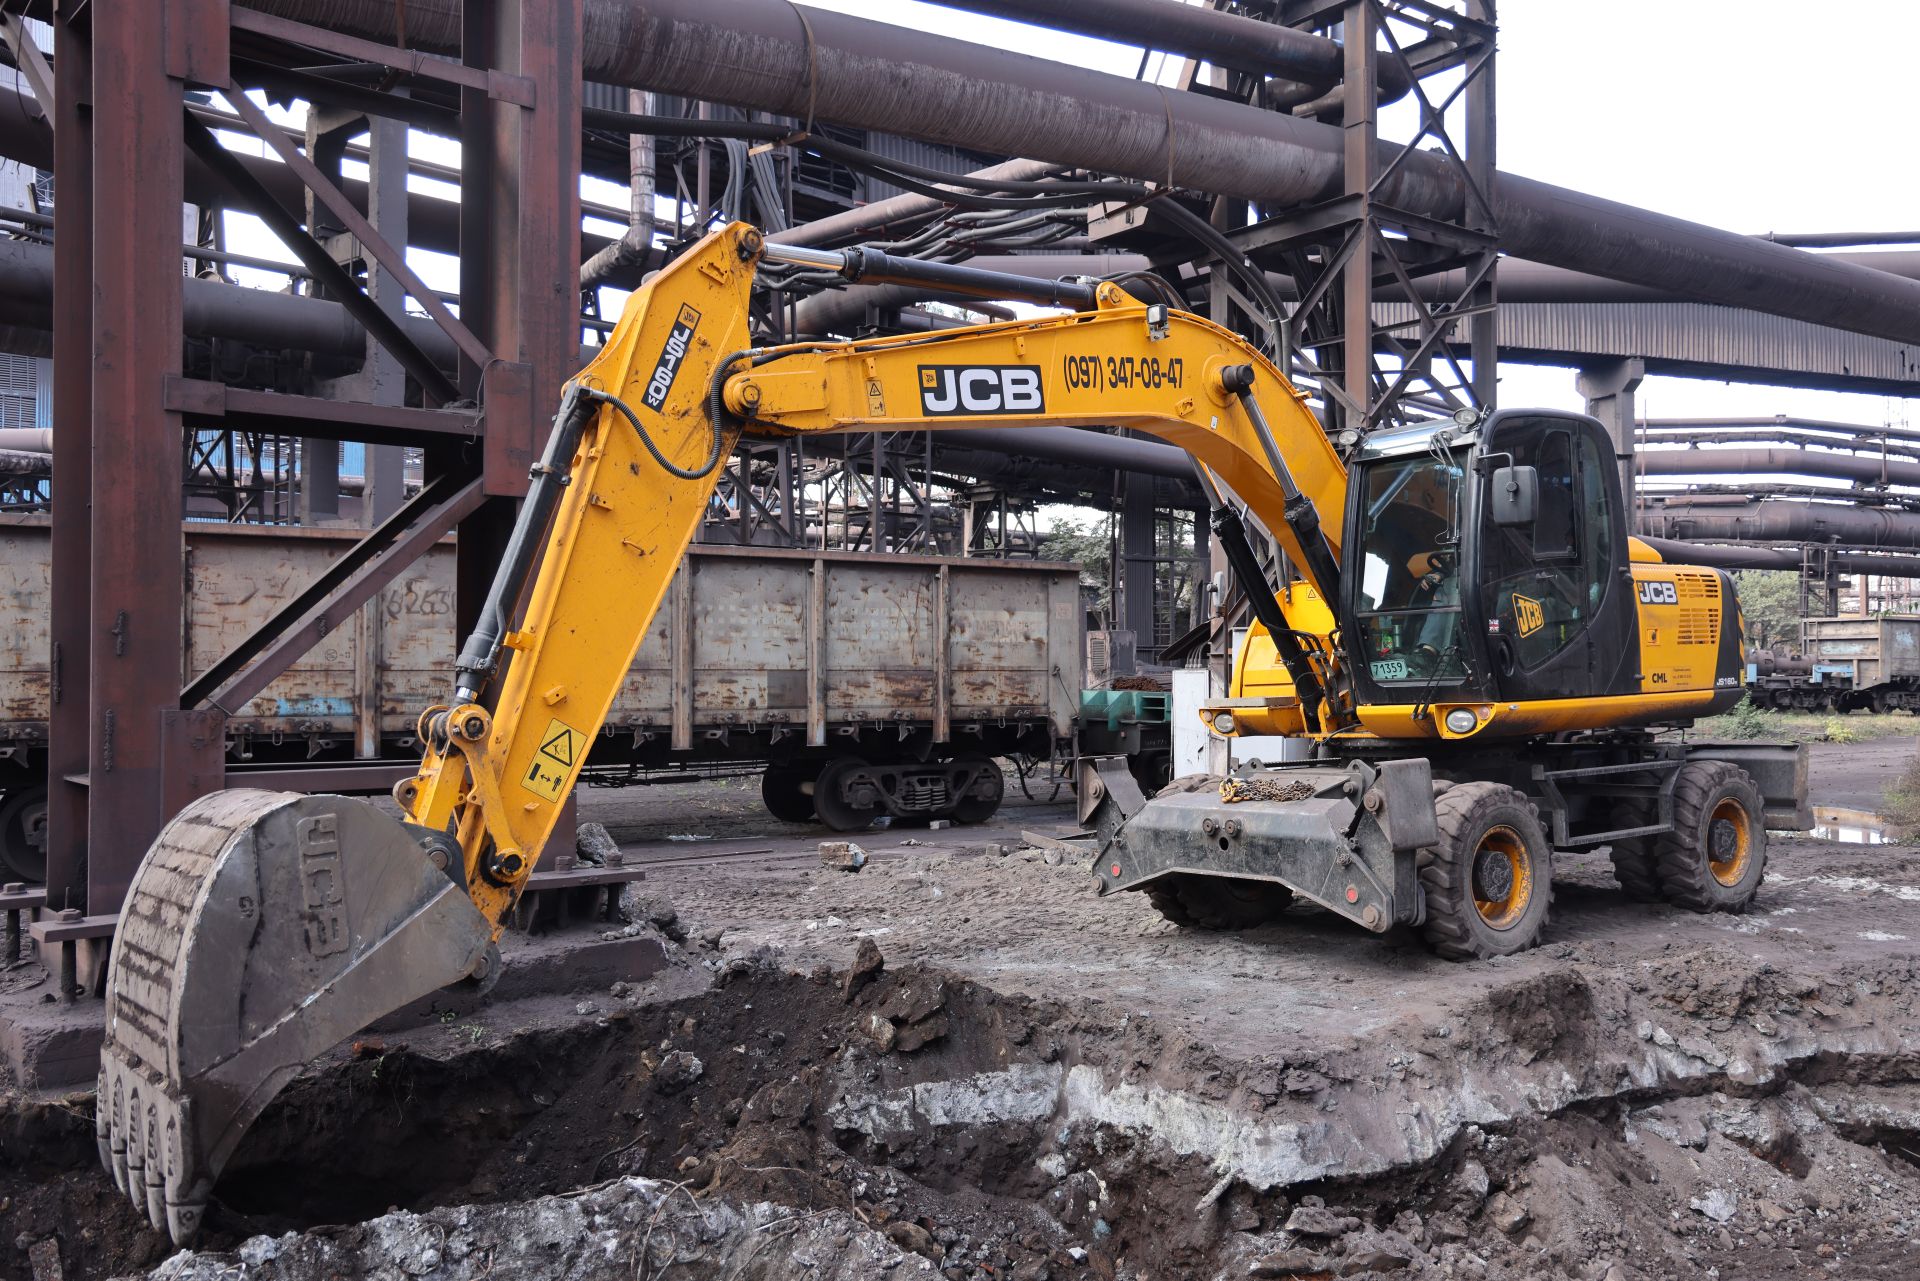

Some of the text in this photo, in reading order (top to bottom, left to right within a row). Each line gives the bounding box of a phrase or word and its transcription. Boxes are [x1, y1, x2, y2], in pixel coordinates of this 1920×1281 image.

[924, 368, 1042, 411] JCB
[1064, 354, 1184, 394] (097) 347-08-47
[1639, 582, 1677, 603] JCB
[1517, 598, 1543, 633] JCB
[1372, 661, 1403, 676] 71359
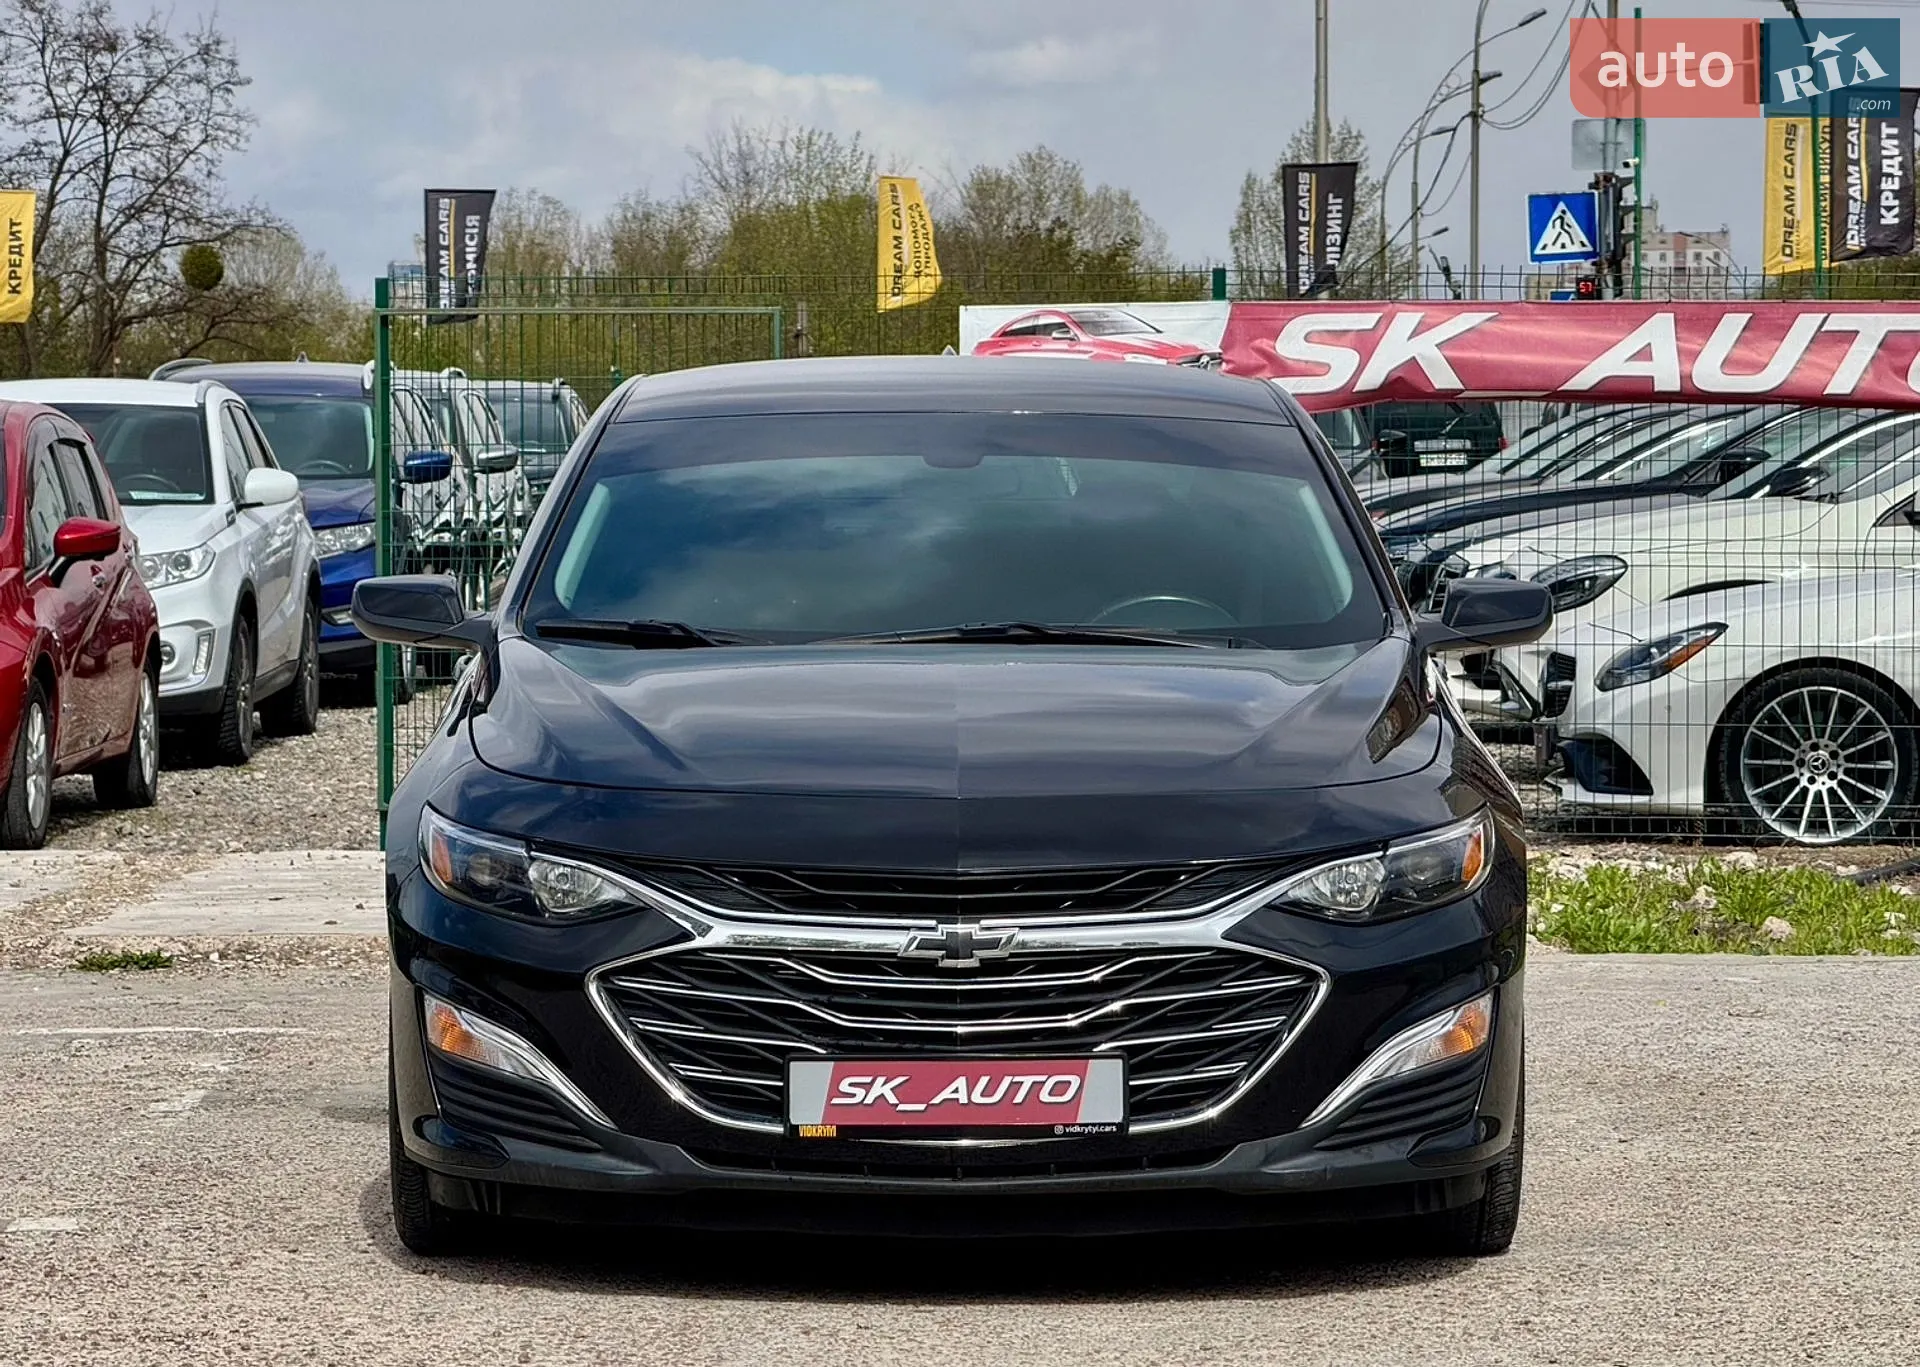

TASK TO CARRY OUT
Omit the pictures, then output every record exactly as given.

YOUR SOLUTION
Some of the text in this photo, in reading order (top to bottom, left to right within a row). Each line gives the bounding box of a phrase or word and its transcription. Boxes are [x1, y1, x2, y2], in pixel coordinates of this 1920×1281 image.

[924, 368, 1042, 411] JCB
[1064, 354, 1184, 394] (097) 347-08-47
[1639, 582, 1677, 603] JCB
[1517, 598, 1543, 633] JCB
[1372, 661, 1403, 676] 71359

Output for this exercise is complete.